Honda ha creado así un modelo capaz de funcionar como coche principal de una familia, sin necesidad de recurrir a un SUV. Su posición de conducción es baja, pero la visibilidad y la distribución de los mandos facilitan la adaptación.

Un híbrido de 184 CV que no necesita enchufe

Toda la gama utiliza una mecánica híbrida e compuesta por un motor de gasolina de dos litros y un propulsor eléctrico. El conjunto desarrolla 184 CV y 315 Nm de par, siempre asociados a una transmisión automática.

En la mayoría de las situaciones es el motor eléctrico el encargado de mover las ruedas. El propulsor de gasolina funciona principalmente como generador y solo se conecta directamente a la transmisión cuando resulta más eficiente, especialmente al circular a velocidades elevadas.

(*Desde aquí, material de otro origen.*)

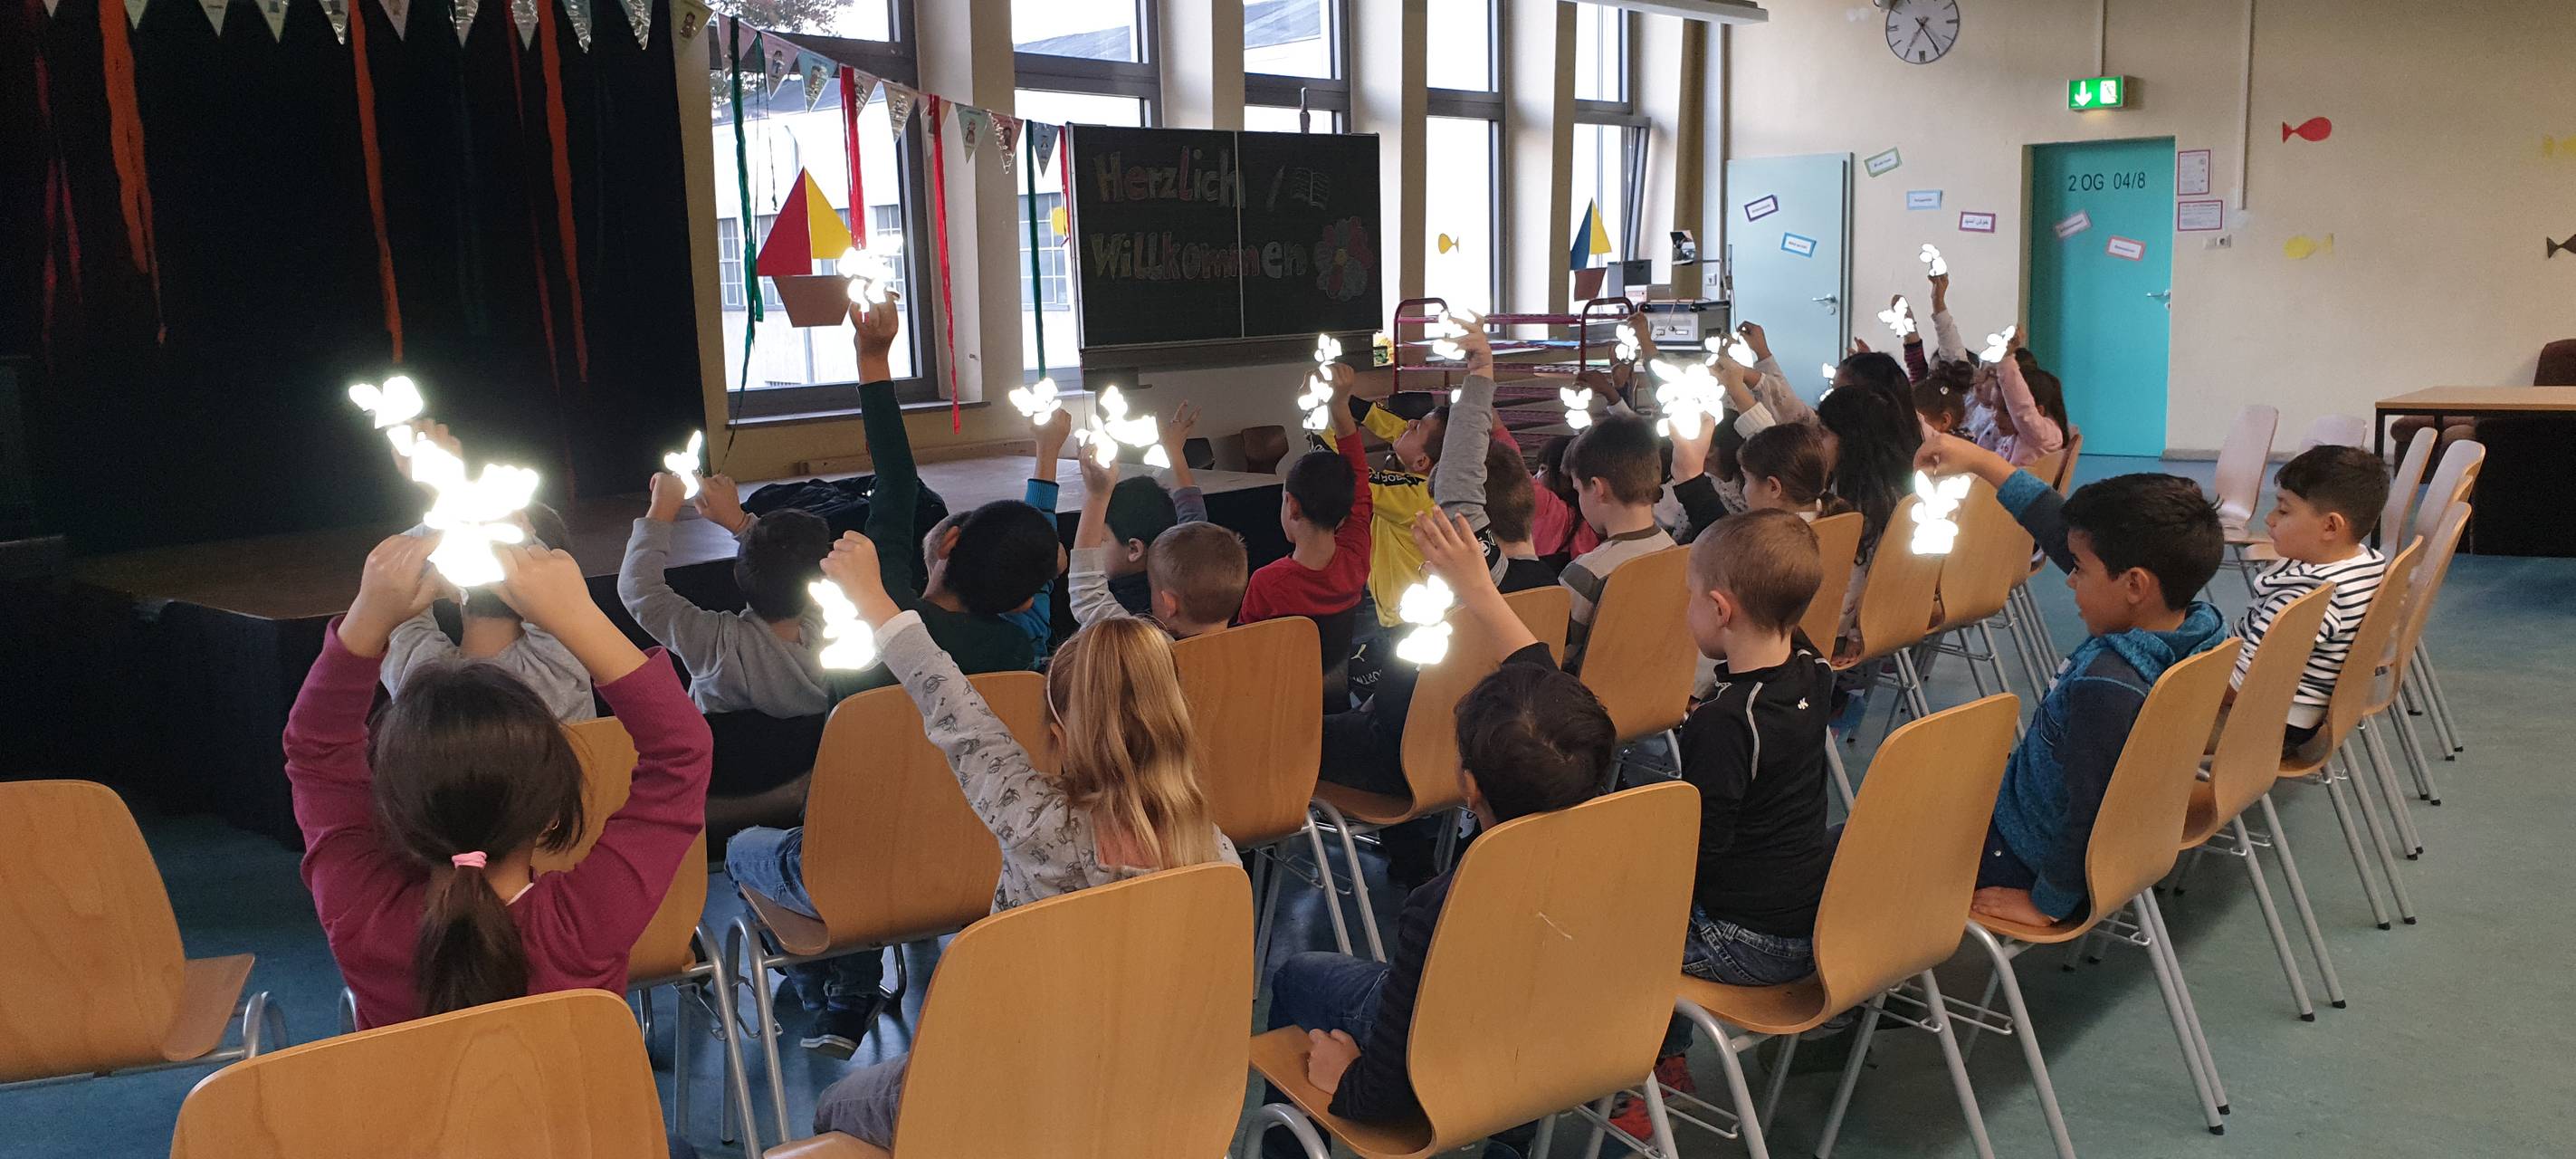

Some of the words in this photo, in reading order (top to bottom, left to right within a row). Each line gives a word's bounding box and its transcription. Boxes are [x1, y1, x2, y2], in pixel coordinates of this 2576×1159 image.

[1093, 145, 1245, 209] Herzlich
[2068, 174, 2077, 191] 2
[2081, 173, 2104, 191] OG
[2113, 171, 2145, 189] 04/8
[1091, 232, 1307, 281] Willkommen
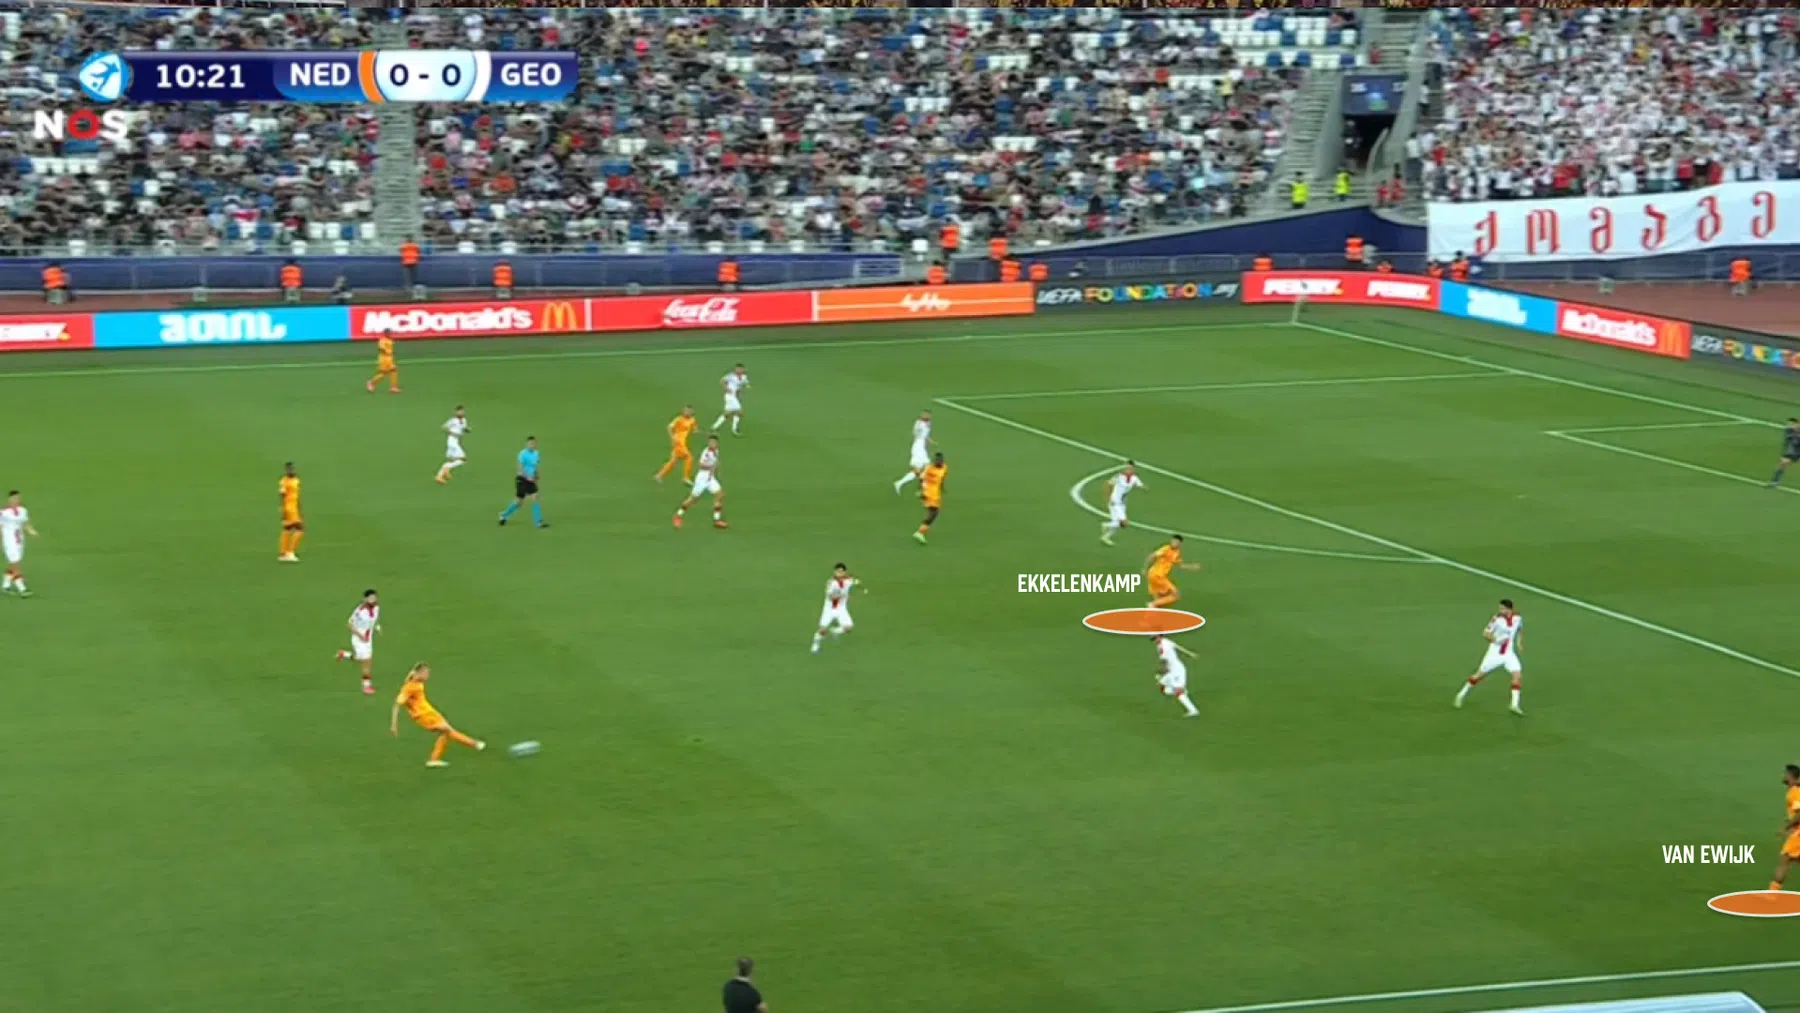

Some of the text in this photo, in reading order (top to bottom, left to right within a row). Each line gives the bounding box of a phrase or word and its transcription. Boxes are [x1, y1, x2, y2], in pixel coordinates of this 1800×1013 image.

[1036, 282, 1213, 304] UEFA FOUNDATION
[363, 307, 533, 333] McDonald's

El Civic acelera de 0 a 100 km/h en 7,8 segundos, por lo que combina buenos consumos con unas prestaciones claramente superiores a las de muchas versiones convencionales del Golf. Homologa entre 4,7 y 5,0 l/100 km y, gracias a su depósito de 40 litros, puede acercarse a los 800 kilómetros entre repostajes en condiciones favorables. También dispone de la etiqueta ECO de la DGT.

Mucho equipamiento desde la versión básica

El acabado Elegance ya incorpora faros LED, asientos delanteros calefactables, acceso sin llave, sensores de aparcamiento, cámara trasera, carga inalámbrica, control de crucero adaptativo y conectividad mediante Apple CarPlay y Android Auto.

Los acabados Sport y Advance añaden una presentación más sofisticada y elementos como instrumentación digital, tapicería parcialmente revestida en cuero, techo panorámico o un equipo de sonido Bose, dependiendo de la versión.

Su precio oficial comienza en 36.300 euros, aunque las promociones pueden reducirlo hasta aproximadamente 33.400 euros. No dispone de la enorme variedad de motores y configuraciones del Golf, pero ofrece más espacio, un diseño más distinguido y una mecánica híbrida potente y eficiente. Para quien busque algo diferente, el Civic constituye una de las alternativas más completas.